In the event that the retrieving tool RT is unable to unseat the plug catcher PC, it becomes necessary to release the retrieving tool RT from the plug catcher PC. At that time the latch dogs 160 will be expanded radially outwardly into the latching recesses 122a of the latching sleeve 122 of the plug catcher PC. To effect release of the latch dogs 160, the sinker bars are used in conjunction with a downward jar to shear pin 174 and enable the upper sleeves 158 and 156 to move downwardly until the keeper 176 engages the lower annular portion of the recess 152d. Before engaging the limits of the recess 152d the sleeve 158 engages the sleeve 166 for shearing the shear pin 168 and enabling the locking sleeve 166 to move downwardly. This movement places the recess 166a adjacent the latch 164 which then moves radially outwardly and enables the central member 152 to move upward relative to the latch dogs 160. With such upward movement the latch dogs 160 are free to move inwardly and out of the recess 122a. The guide and keeper member 170 in the slot will engage the shoulder 150d for pulling the tubular body 150 upwardly.
When it becomes necessary to retrieve the subsurface tubing hanger STH, the lower well tubing WT or packer pp from the well W, the stinger 100 is released and retrieved back to the platform P. A work string (not illustrated) is then lowered down the casing C. The work string is provided on its lower end with a thread adapted to engage and make up with helical thread 22e (FIG. 2C). After make-up with the thread 22e the work string may be used to elevate the hanger housing member 22 relative to the set slips 50 thereby effecting their release from the casing C. The positive make-up also enables rotation and reciprocation of the well tubing WT below the hanger STH that may be needed to release the packer PP.
The full opening surface controlled subsurface safety valve SSV of the present invention is illustrated in detail from top to bottom in FIGS. 5A-5D. The subsurface safety valve SSV is connected in the well tubing WT above the subsurface tubing hanger STH and forms a tubular housing portion of the well tubing WT. The stinger 100 is secured to well tubing WT that is in turn secured to the lower portion of the subsurface safety valve SSV for directing flow of the well fluids upwardly through the portion of the well tubing WT formed by the safety valve housing, generally designated SSVH. Operably disposed within the safety valve housing SSVH (FIG. 5C) is a full opening flow control element, generally designated SSVB, and operator means, generally designated SSVO, for effecting movement of the closure element SSVB to and from the open and closed positions in response to control signals communicated from the platform P to the subsurface safety valve SSV through control fluid conduits. It is to be understood that other full opening safety valves may be used with the safety system of the present invention. For example, full opening subsurface safety valves such as disclosed in one of the following of my U.S. patents may be employed with the present invention: U.S. Pat. Nos. 3,744,564; 3,750,751; 3,762,471; 3,901,321; 3,993,136.

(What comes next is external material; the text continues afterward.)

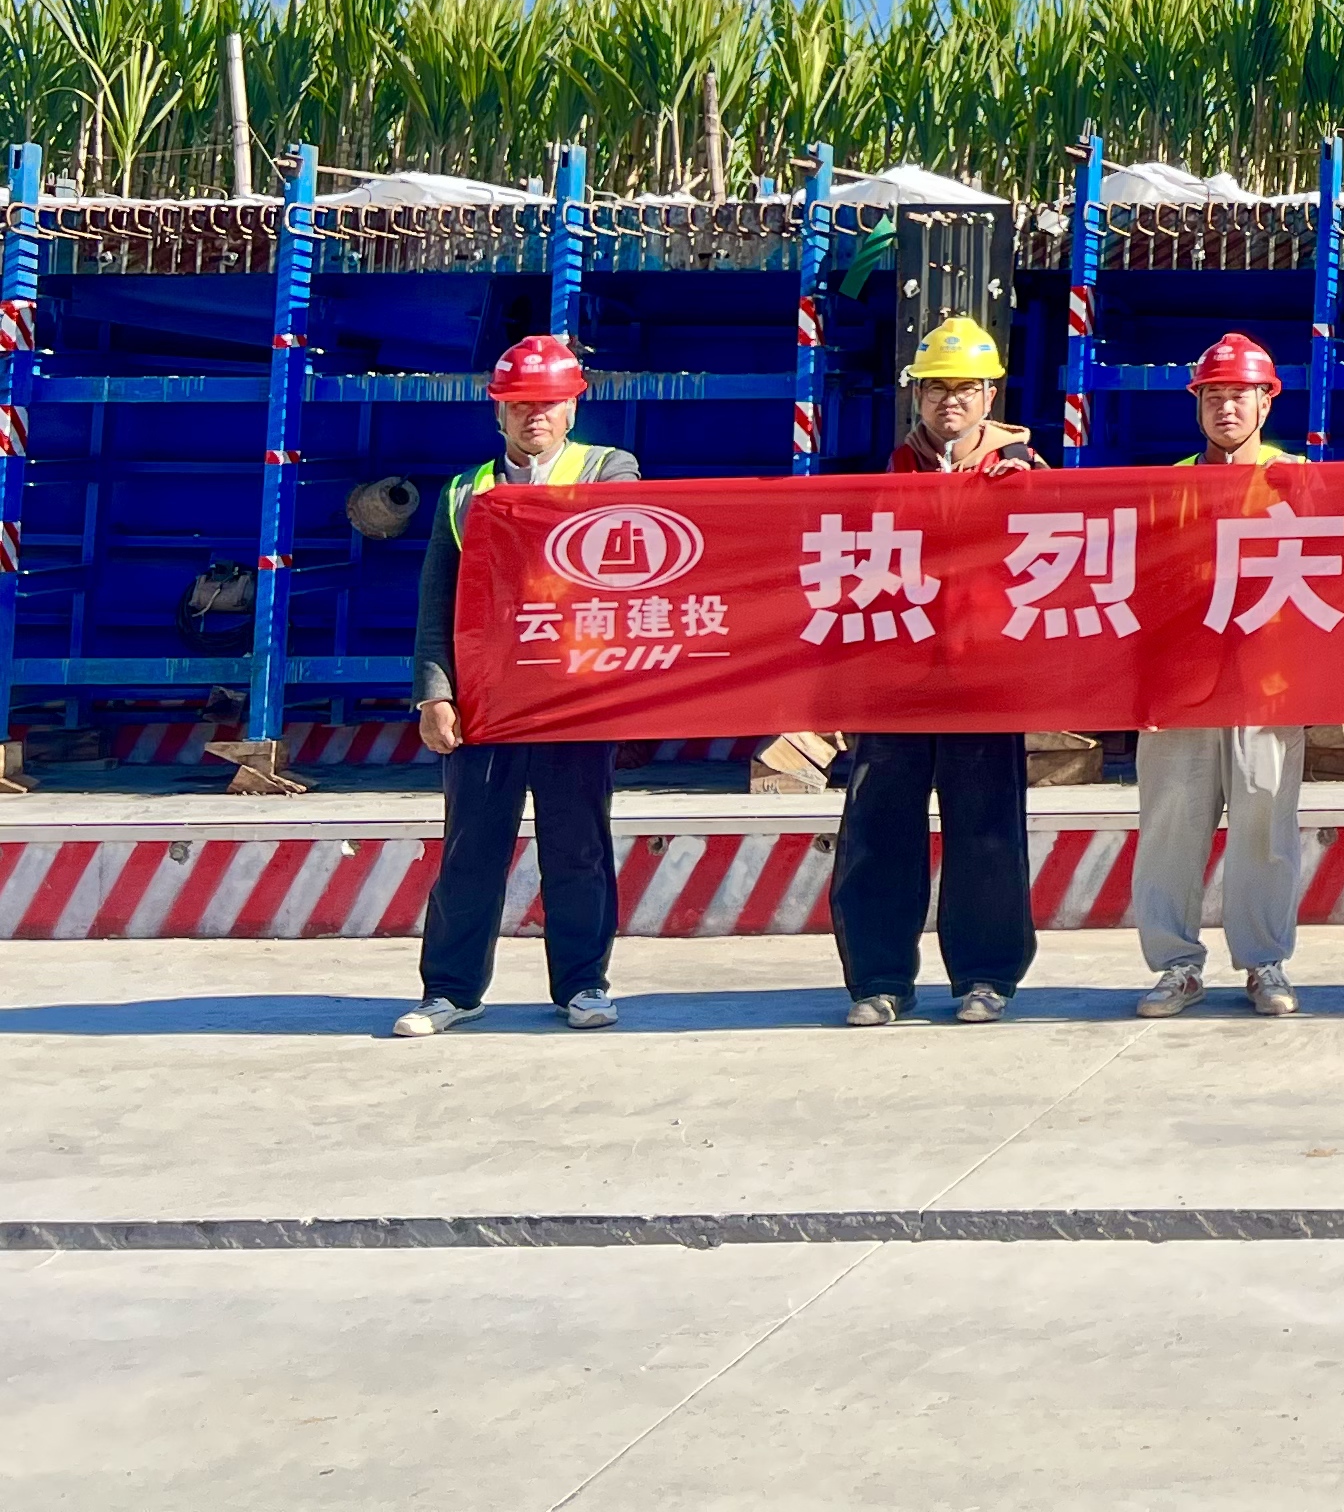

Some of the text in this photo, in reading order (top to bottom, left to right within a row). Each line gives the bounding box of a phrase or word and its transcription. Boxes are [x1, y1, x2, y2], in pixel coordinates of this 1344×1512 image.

[516, 594, 729, 642] 云南建投
[566, 644, 683, 674] YCIH

The subsurface safety valve housing SSVH includes an upper housing member 200 (FIG. 5A) that is threadedly connected to the well tubing WT above the subsurface safety valve SSV in the usual manner. The upper housing member 200 is secured to the control fluid housing member 202 by threaded engagement at 201 while an O-ring 204 blocks leakage of fluid along threaded engagement 201. A second O-ring 206 blocks leakage of fluid between the two members at a location below the O-ring 204 for a control fluid separation purpose to be described more fully hereinafter.
The lower portion of the control fluid housing 202 threadedly engages an intermediate housing connecting section 208 by threaded engagement at 207 with an 0-ring 210 blocking leakage of fluid along the threaded engagement at 207. The lower portion of the intermediate connecting member 208 is threadedly engaged with a ball housing section 212 by threaded engagement at 211 with an O-ring 214 preventing leakage of fluid along the threaded engagement at 211 (FIG. 5B).

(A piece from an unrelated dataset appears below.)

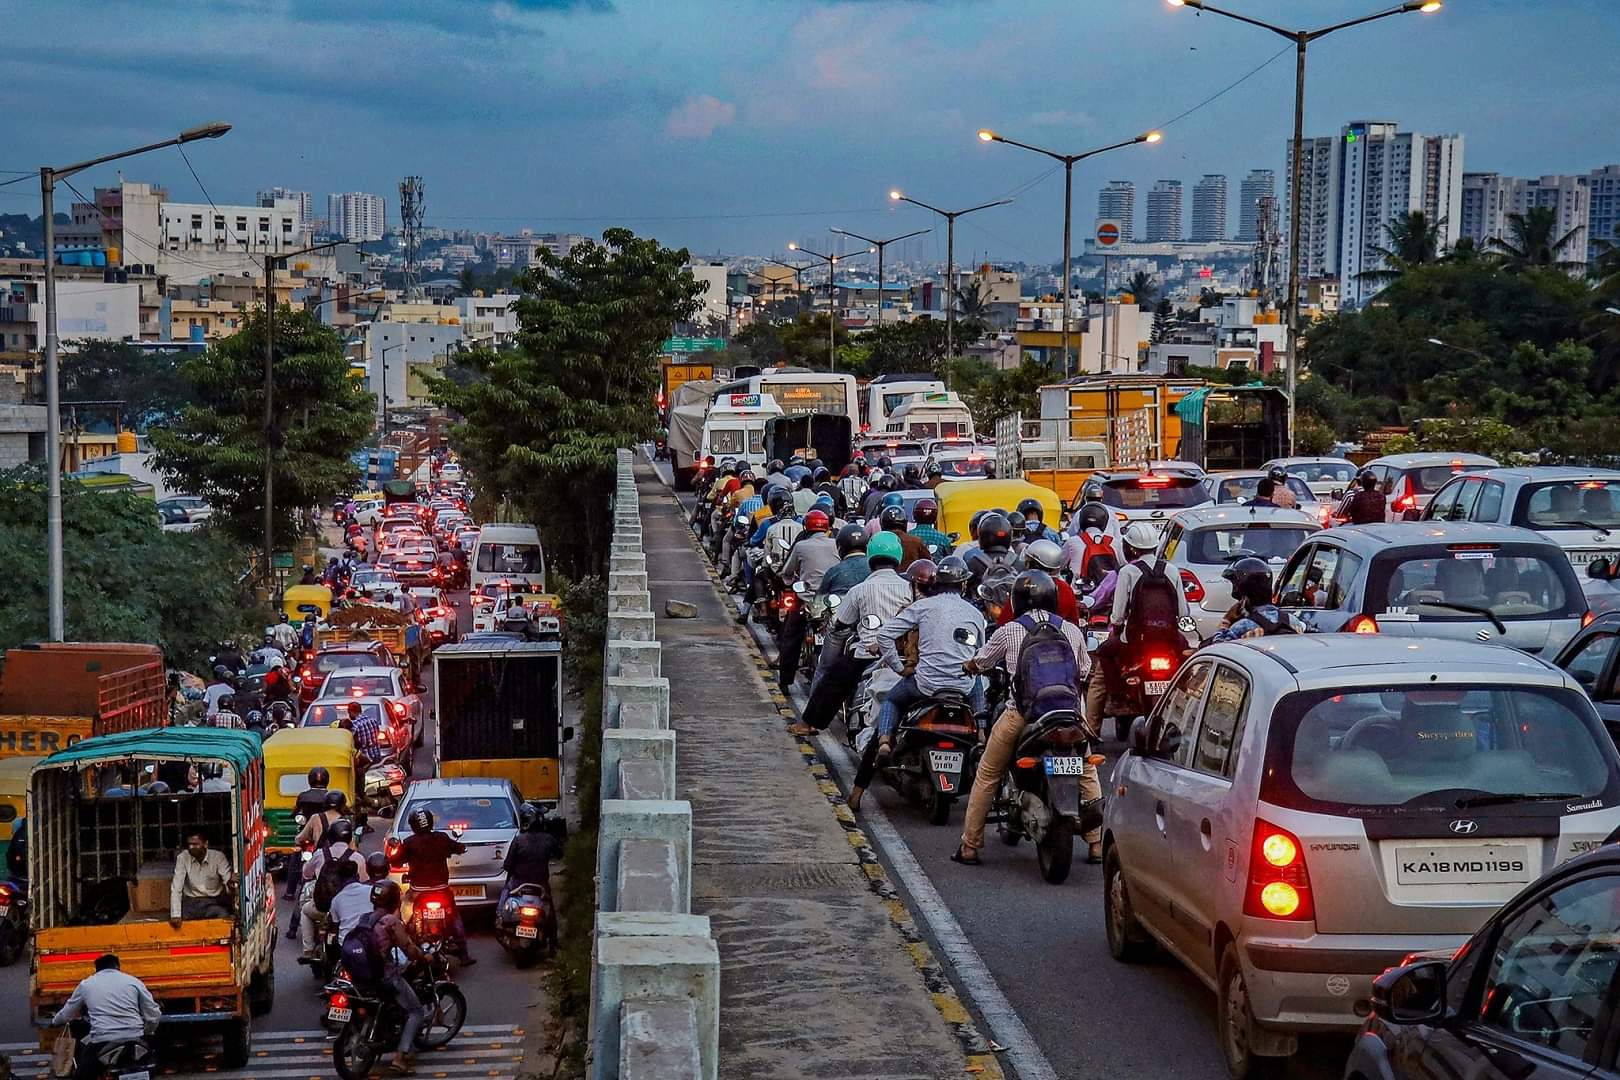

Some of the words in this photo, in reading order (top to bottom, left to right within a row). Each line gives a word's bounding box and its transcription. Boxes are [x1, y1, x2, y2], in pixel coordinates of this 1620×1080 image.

The ball housing section 212 threadedly engages at 216 with the lower housing extension 218 (FIG. 5C) which is in turn connected to the stinger 100. Preferably, a blast joint (not illustrated) is disposed between the stinger 100 and the lower housing section 218. An O-ring 219 prevents leakage along threaded engagement at 216.
The flow control element SSVB is mounted within housing member 212 for movement from a closed position (FIG. 5C) for blocking flow of fluid through the bore of the housing SSVH to an open position (FIG. 10). In moving from the closed position to the open position the ball also moves longitudinally within the housing 212 from an upper or closed position to the lower open position. As will be described in greater detail, such longitudinal motion rotates a ball element 220 having a spherical outer surface 220a to align a full opening flow port 220b formed therethrough with the flow opening through the housing SSVH. The ball element 220 is formed with a pair of parallel chordal flats 220c having an elongated concentric recess 220d and an eccentric slot or recess 220e for receiving a fixed eccentric pin to rotate the ball 220.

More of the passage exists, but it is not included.